◆ SOURCE RECORDS
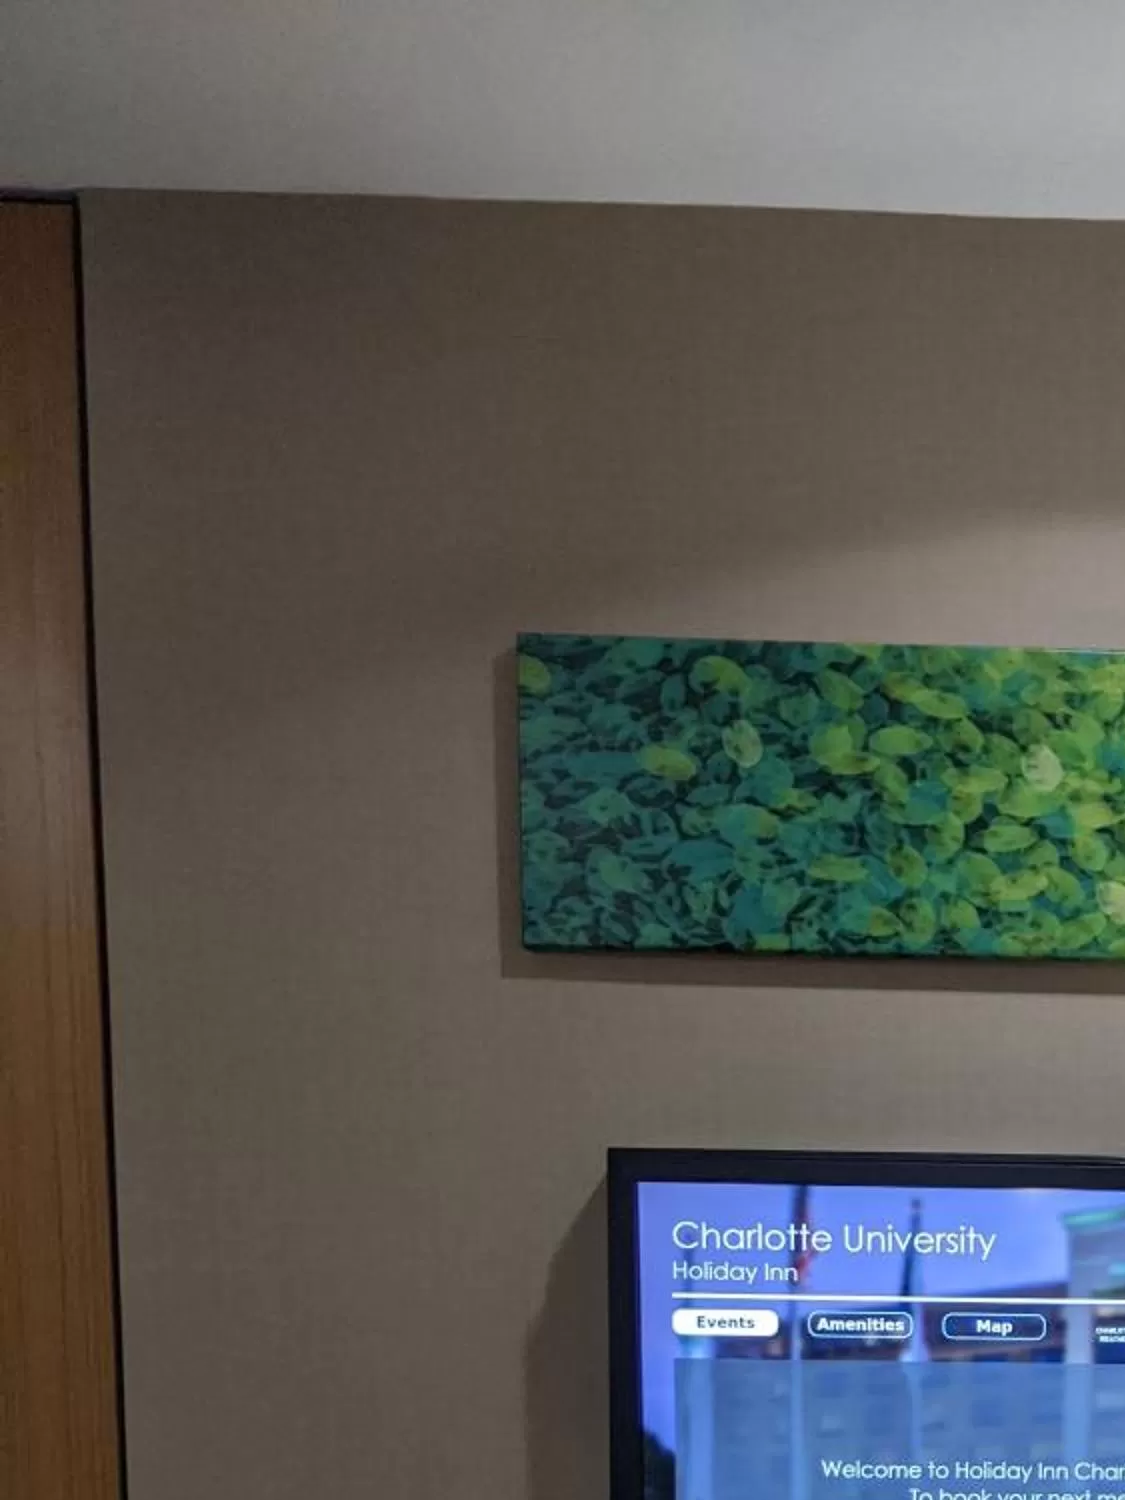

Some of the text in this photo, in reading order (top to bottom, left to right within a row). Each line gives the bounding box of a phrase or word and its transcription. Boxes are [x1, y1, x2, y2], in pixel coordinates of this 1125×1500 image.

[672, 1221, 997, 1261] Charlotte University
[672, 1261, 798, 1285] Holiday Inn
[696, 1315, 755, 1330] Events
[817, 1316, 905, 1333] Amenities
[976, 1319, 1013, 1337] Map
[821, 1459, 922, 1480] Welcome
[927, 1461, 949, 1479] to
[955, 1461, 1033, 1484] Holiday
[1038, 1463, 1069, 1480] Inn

◆ WHAT TO WORK ON
In the copy, each entry above must match exactly, and no picture may be carried over.

◆ SOLUTION TO THIS PROBLEM
Some of the text in this photo, in reading order (top to bottom, left to right within a row). Each line gives the bounding box of a phrase or word and its transcription. Boxes are [x1, y1, x2, y2], in pixel coordinates of this 1125×1500 image.

[672, 1221, 997, 1261] Charlotte University
[672, 1261, 798, 1285] Holiday Inn
[696, 1315, 755, 1330] Events
[817, 1316, 905, 1333] Amenities
[976, 1319, 1013, 1337] Map
[821, 1459, 922, 1480] Welcome
[927, 1461, 949, 1479] to
[955, 1461, 1033, 1484] Holiday
[1038, 1463, 1069, 1480] Inn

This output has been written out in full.